* Data for processing *
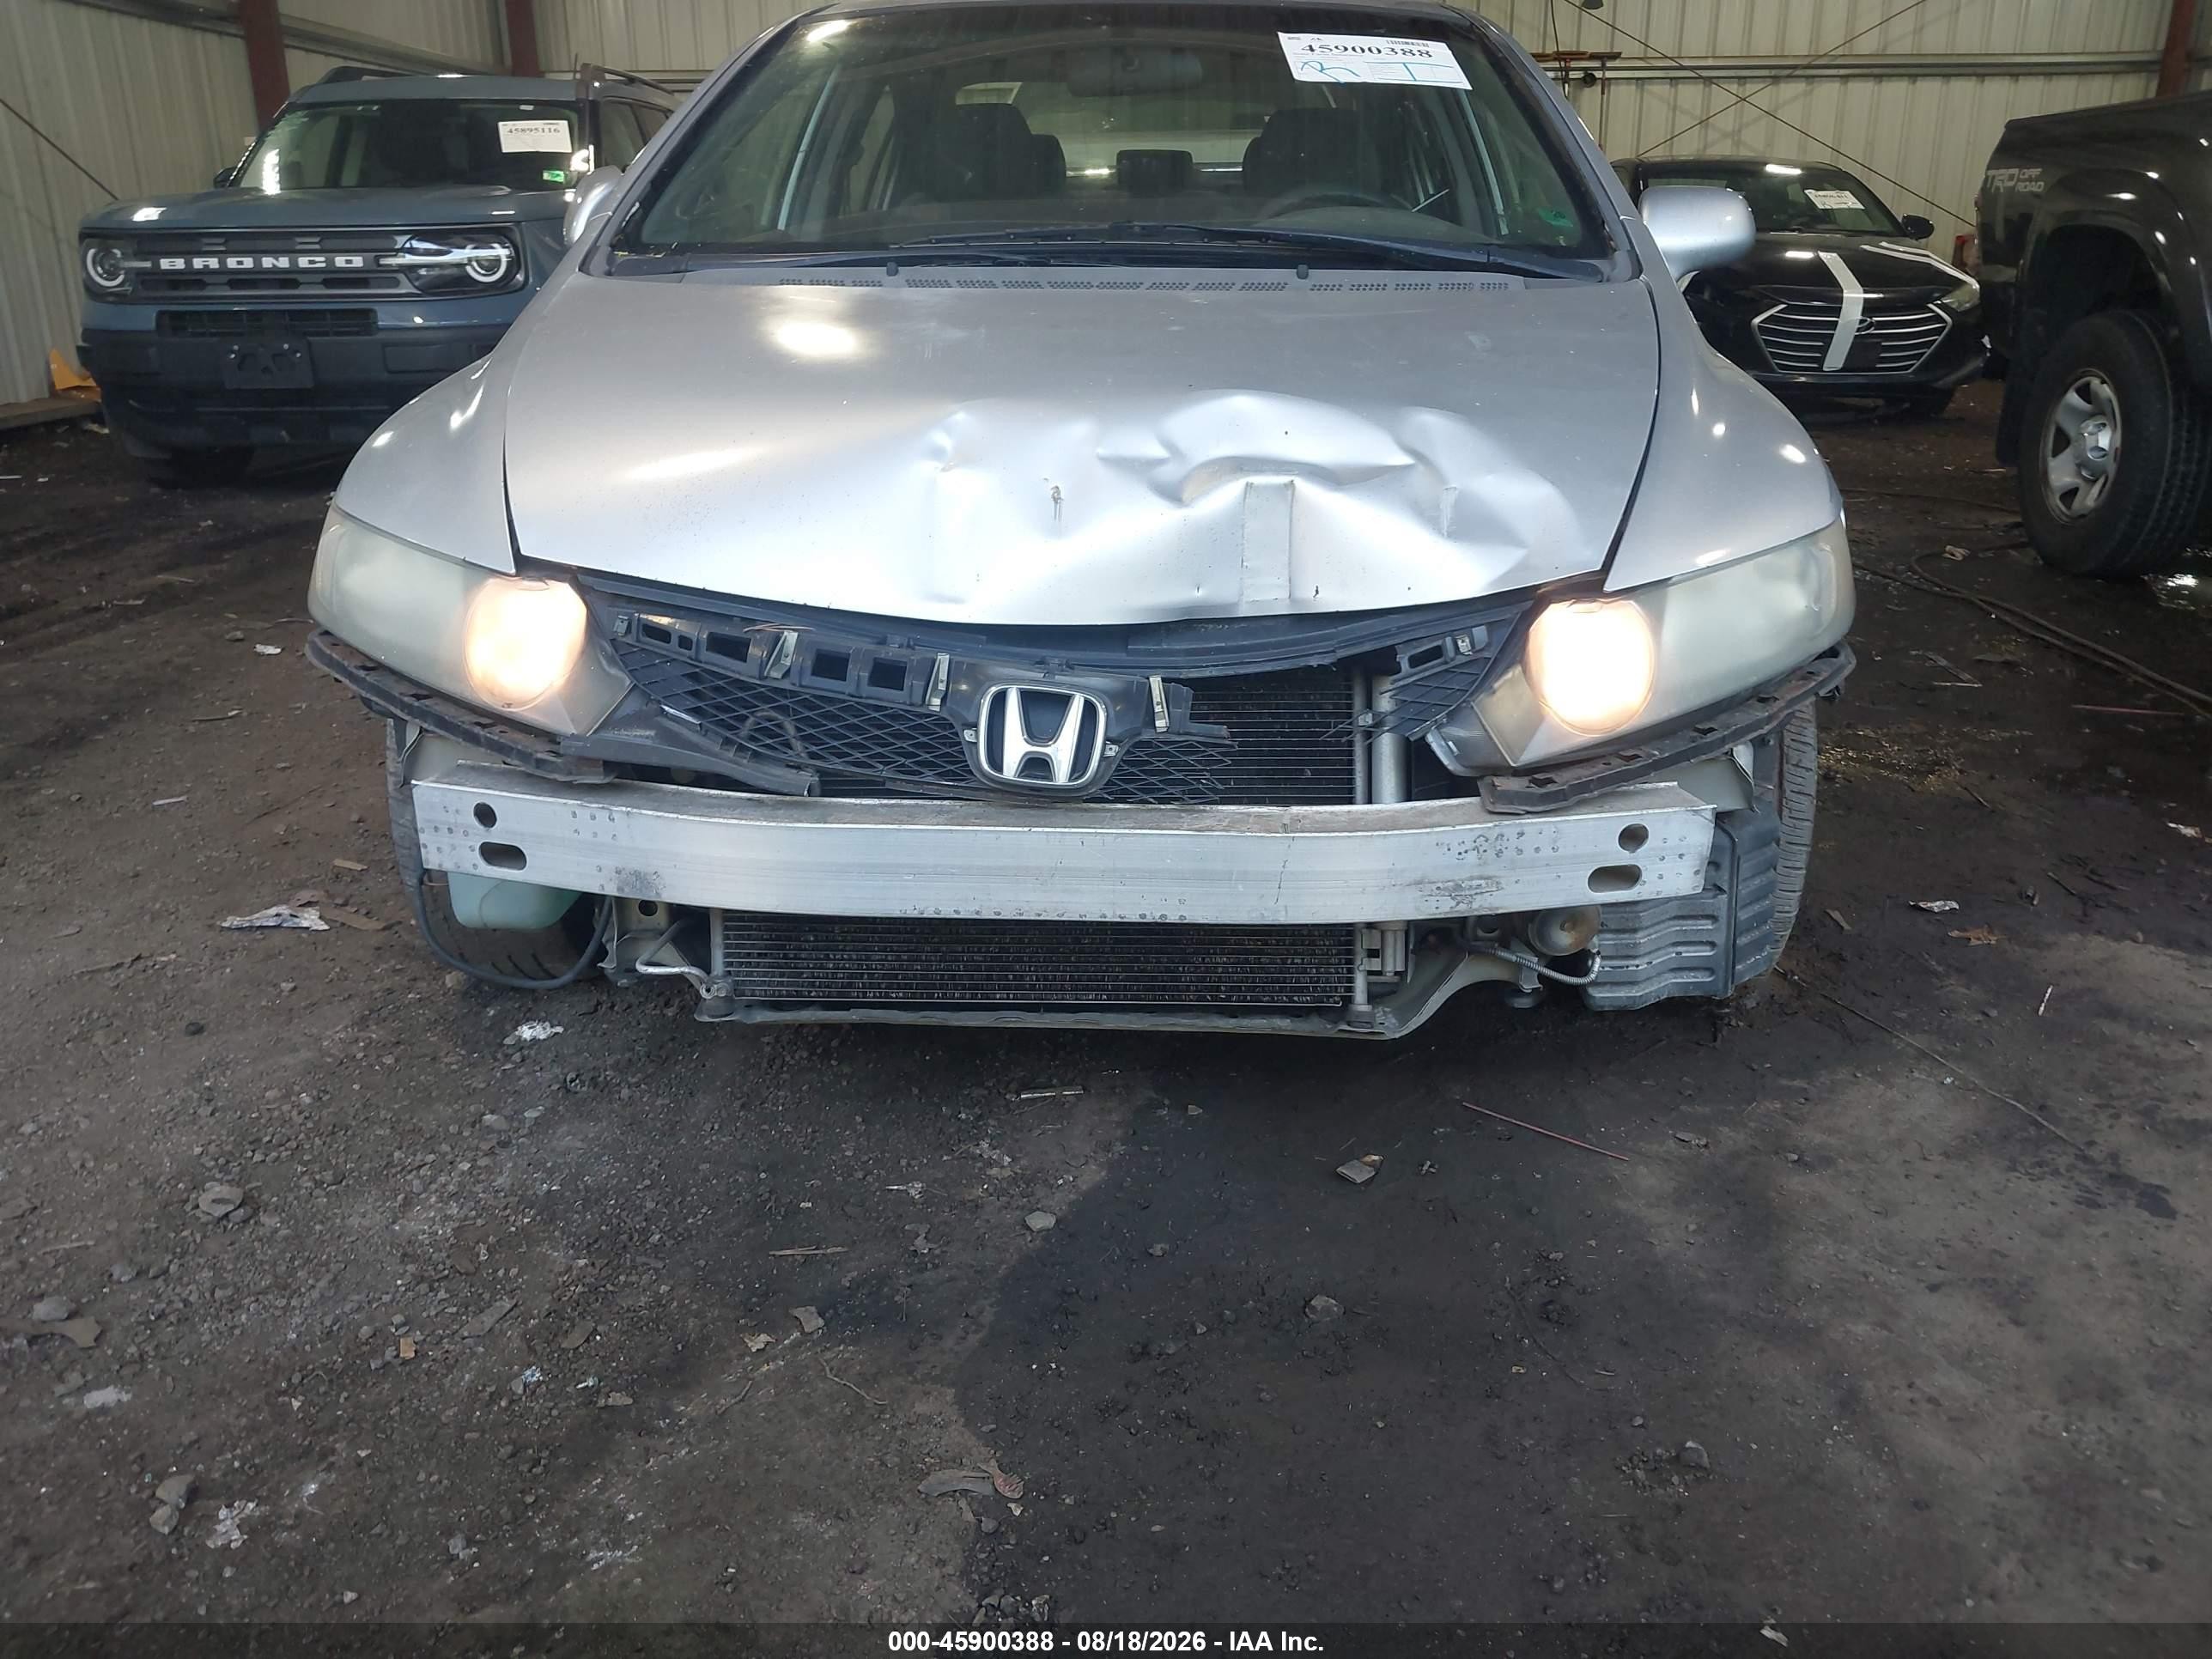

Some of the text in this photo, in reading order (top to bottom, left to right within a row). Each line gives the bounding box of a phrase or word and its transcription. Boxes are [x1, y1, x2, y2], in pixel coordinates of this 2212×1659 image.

[1301, 43, 1433, 58] 45900388
[1986, 168, 2020, 192] TRD
[2019, 168, 2042, 179] OFF
[2014, 181, 2045, 192] ROAD
[159, 256, 364, 270] BRONCO

* Exercise details *
The answer must be an exact copy of the records, with no images in it.

* Expected output *
Some of the text in this photo, in reading order (top to bottom, left to right within a row). Each line gives the bounding box of a phrase or word and its transcription. Boxes are [x1, y1, x2, y2], in pixel coordinates of this 2212×1659 image.

[1301, 43, 1433, 58] 45900388
[1986, 168, 2020, 192] TRD
[2019, 168, 2042, 179] OFF
[2014, 181, 2045, 192] ROAD
[159, 256, 364, 270] BRONCO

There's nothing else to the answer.